The Pilgrims weren’t the elite of English society. You don’t leave home in search of freedom and a better life if you are already at home and doing well. Those early settlers were Christians, but they weren’t the landed gentry. They were working class people on the fringes of society. But they were fueled by a vision of the New Jerusalem and a faith in the God of the last that came from texts like these.
What if our nation’s forebears in Plymouth and Jamestown had taken up the Bible’s bias toward the last? What if we hadn’t needed the 1619 Project to retell the origin story of America from the view of the last?
“What if we hadn’t needed the 1619 Project to retell the origin story of America from the view of the last?”
And what if the church in the antebellum South hadn’t read the Bible to justify slavery? What if John Broadus, one of the founders of the Southern Baptist Theological Seminary, hadn’t defended the Confederacy as the hope of preserving civilization, thereby setting Baptists on the side of human oppressors? What if during Reconstruction after the Civil War the church had supported the “40 acres and a mule” gift of land and opportunity to freed slaves? What if in Dallas, where in the 1920s one in three of all eligible white men were members of the Ku Klux Klan, the church had stood up against white supremacy and demanded our city be a home equally for all? What if our white city fathers had not made an accommodation with Black pastors to keep the Civil Rights Movement from bringing real change instead of surface peace?
We can write a different story
Well, that was then, but this is now. Happily, we have the same chance today to make things right that we have always had. Today we can reclaim the vision of Isaiah and rename the desolate land in our city.
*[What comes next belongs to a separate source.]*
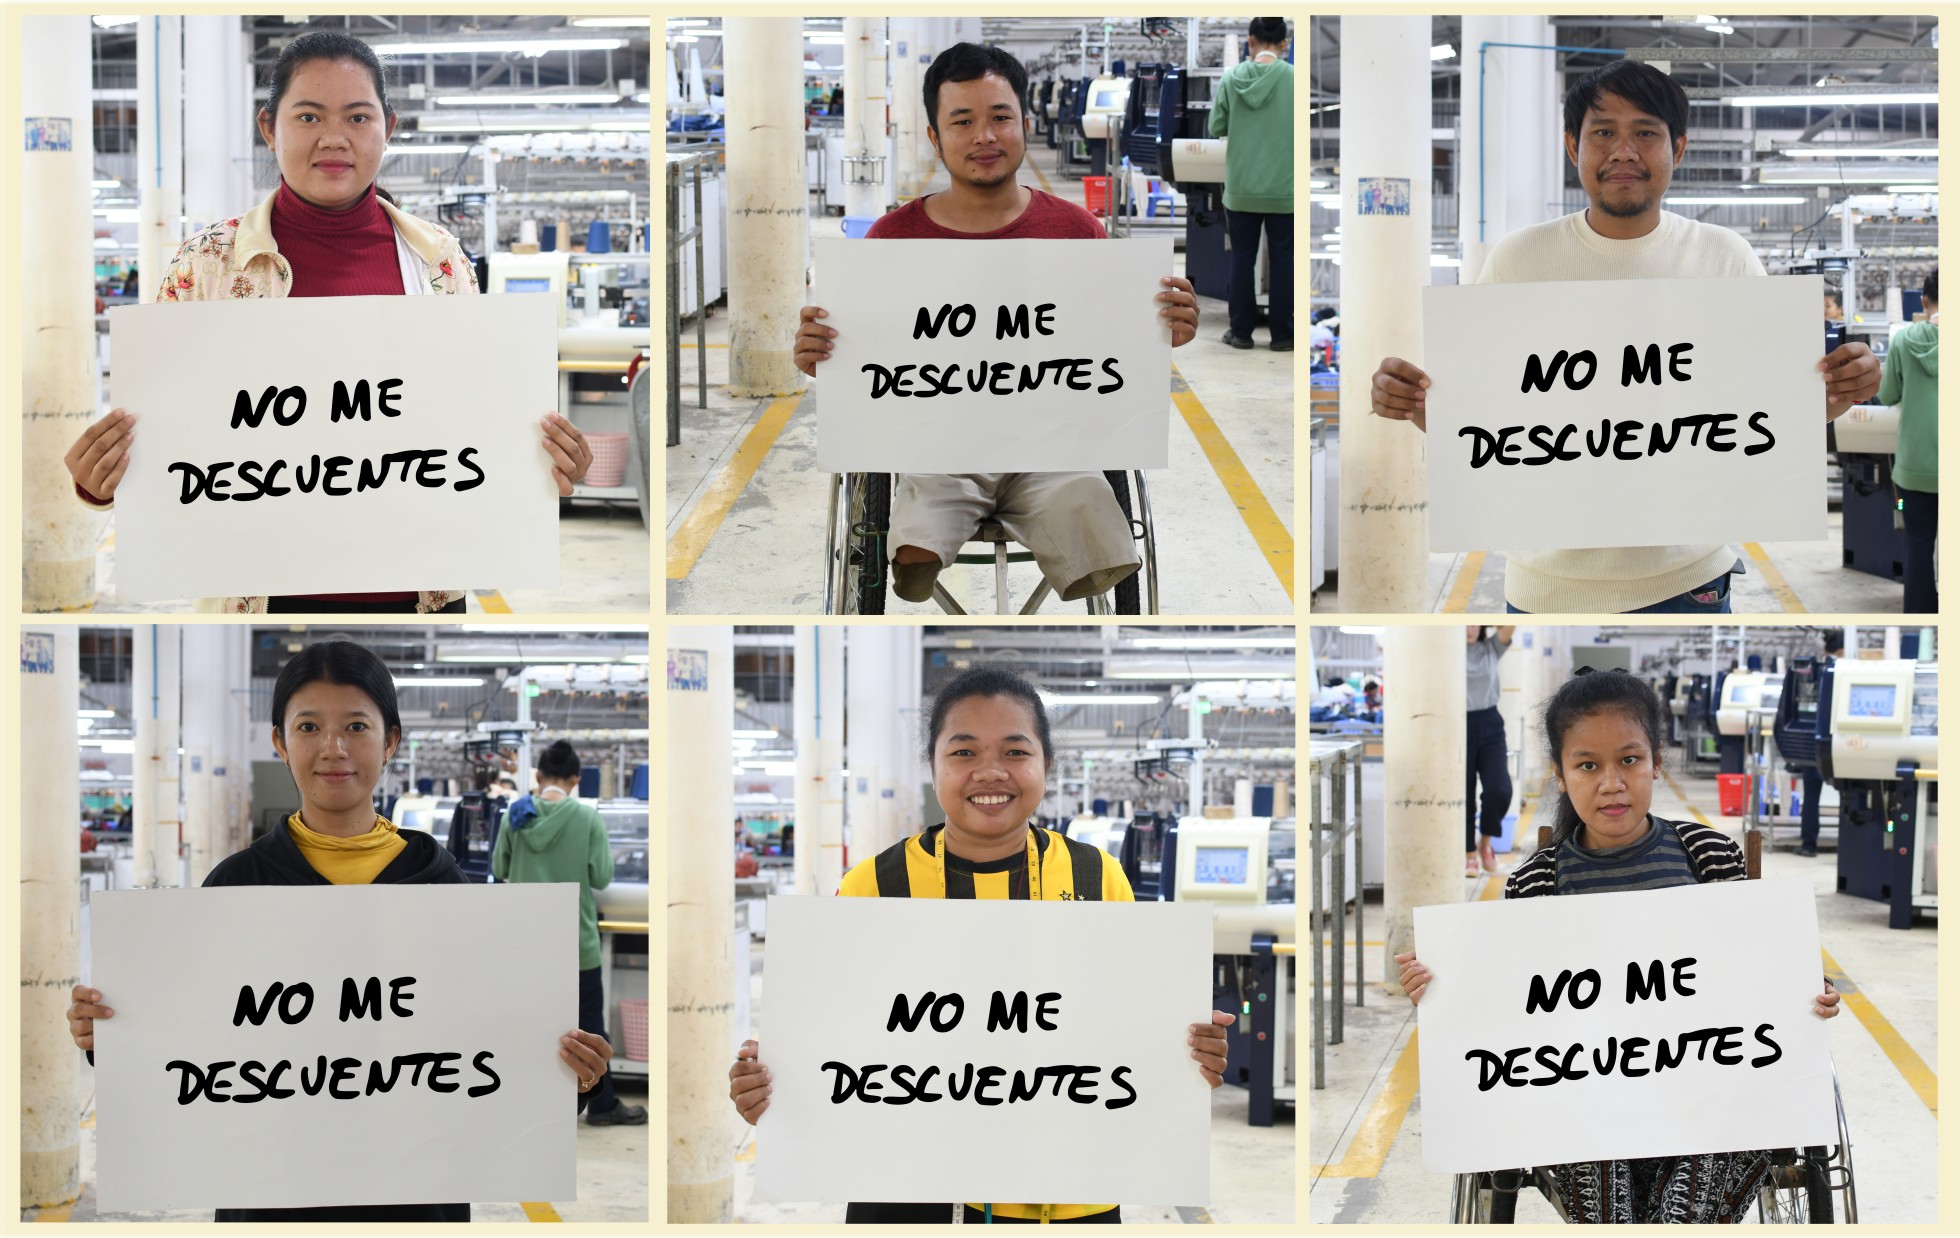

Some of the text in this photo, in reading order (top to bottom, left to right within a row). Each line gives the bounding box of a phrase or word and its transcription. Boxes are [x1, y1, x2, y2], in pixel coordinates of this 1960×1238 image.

Today we can intercede with Jesus to bring out the best for us last.
Here in Dallas, we’re finally facing up to our city’s first real accounting of how decisions were made to cut off parts of Dallas from being fruitful, neighborhoods populated by Black and Latino people. Much of the land in southern and western Dallas is still “unmarried,” to use Isaiah’s image. It is unmarried because it was cordoned off by highways built deliberately to prevent encroachment of Black neighbors into white neighborhoods. It is unmarried because of bank redlining that prevented Black renters from getting mortgages and becoming homeowners that would have built generational wealth. It is unmarried because all the landfills and dumps and toxin-producing businesses were permitted to be located there — something we never would have allowed to happen in our North Dallas neighborhoods. It is unmarried because public transportation was not linked to schools and jobs and services, because public schools and public libraries and public parks and community centers and code enforcement, and on and on, were neglected.
Even today, demography is destiny for too many in our city. The difference in male life expectancy in a two-mile stretch between the ZIP Codes 75215 in South Dallas and 75205 in Old East Dallas is 26 years.
But it doesn’t have to be that way. Things are not fixed or final. Not if the spirit of Isaiah and Mary still stirs. Not if the risen Christ is loose in our midst.
Just imagine the joy of God when all our neighborhoods are named My Delight Is in Her, and when together we taste the best wine last. If we can imagine it, we can achieve it. If we can dream it, we can become it. But it’s not just a we of you and me; it’s a we that includes the God with a bias toward the last.
George Mason serves as senior pastor of Wilshire Baptist Church in Dallas and is host of the Good God podcast. He has been active in racial and economic justice work for three decades.